→ **Directions for this task**: What is needed is a faithful transcription of all the data below, pictures excluded.

[Available data]

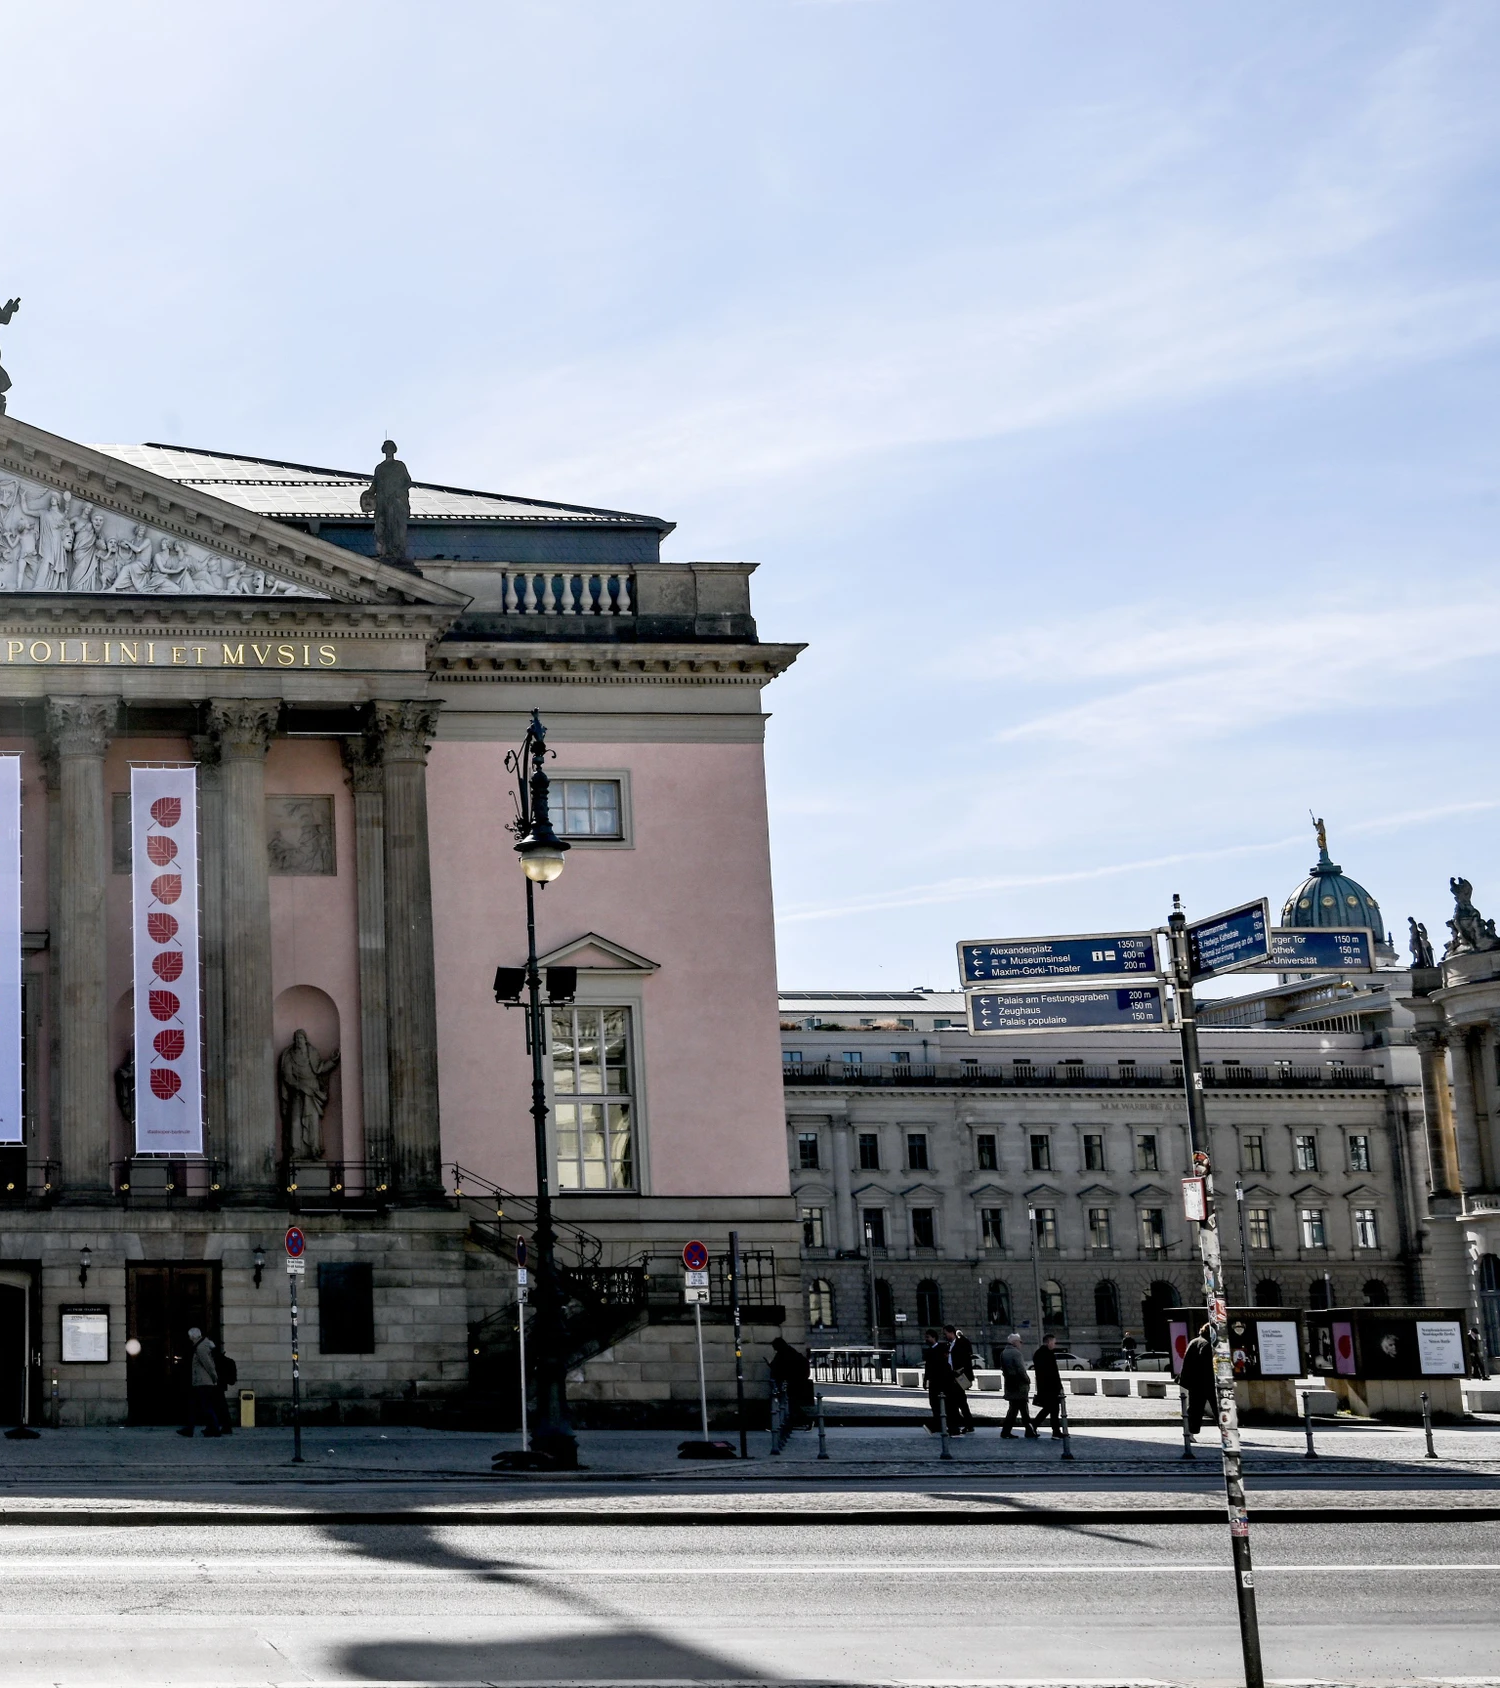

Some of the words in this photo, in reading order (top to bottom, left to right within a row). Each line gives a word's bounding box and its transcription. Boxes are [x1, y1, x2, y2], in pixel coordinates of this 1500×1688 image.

[172, 646, 207, 664] ET
[222, 643, 337, 666] MVSIS
[1292, 935, 1306, 943] Tor
[1334, 935, 1351, 943] 1150
[990, 944, 1053, 955] Alexanderplatz
[1117, 941, 1135, 949] 1350
[1339, 946, 1352, 954] 150
[1010, 954, 1070, 965] Museumsinsel
[1122, 951, 1137, 959] 400
[991, 964, 1081, 976] Maxim-Gorki-Theater
[1124, 961, 1138, 969] 200
[997, 996, 1024, 1005] Palais
[1041, 993, 1109, 1005] Festungsgraben
[1128, 991, 1143, 999] 200
[999, 1007, 1041, 1017] Zeughaus
[1131, 1001, 1144, 1010] 150
[1000, 1017, 1026, 1026] Palais
[1028, 1016, 1067, 1026] populaire
[1132, 1012, 1145, 1020] 150
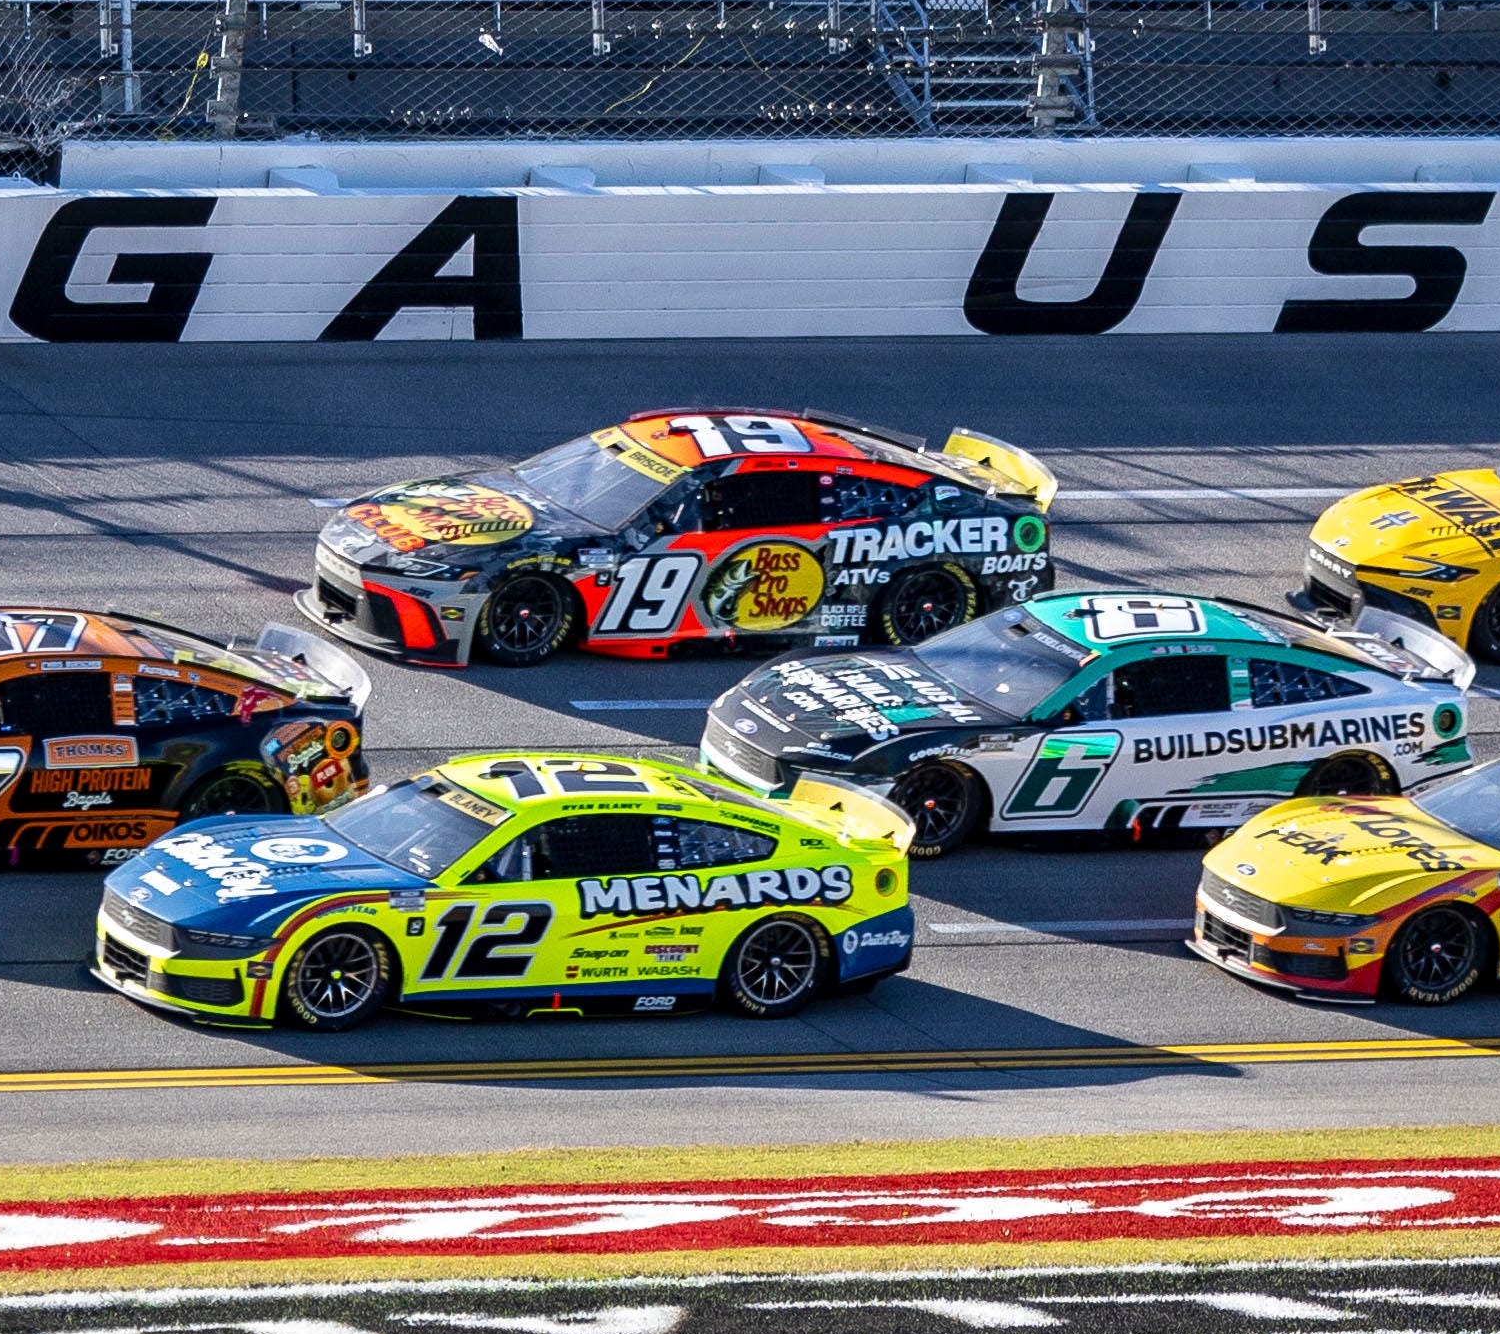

[/Available data]

→ **Answer area**:
Some of the words in this photo, in reading order (top to bottom, left to right within a row). Each line gives a word's bounding box and its transcription. Boxes are [x1, y1, x2, y2], in pixel coordinates of this 1500×1688 image.

[172, 646, 207, 664] ET
[222, 643, 337, 666] MVSIS
[1292, 935, 1306, 943] Tor
[1334, 935, 1351, 943] 1150
[990, 944, 1053, 955] Alexanderplatz
[1117, 941, 1135, 949] 1350
[1339, 946, 1352, 954] 150
[1010, 954, 1070, 965] Museumsinsel
[1122, 951, 1137, 959] 400
[991, 964, 1081, 976] Maxim-Gorki-Theater
[1124, 961, 1138, 969] 200
[997, 996, 1024, 1005] Palais
[1041, 993, 1109, 1005] Festungsgraben
[1128, 991, 1143, 999] 200
[999, 1007, 1041, 1017] Zeughaus
[1131, 1001, 1144, 1010] 150
[1000, 1017, 1026, 1026] Palais
[1028, 1016, 1067, 1026] populaire
[1132, 1012, 1145, 1020] 150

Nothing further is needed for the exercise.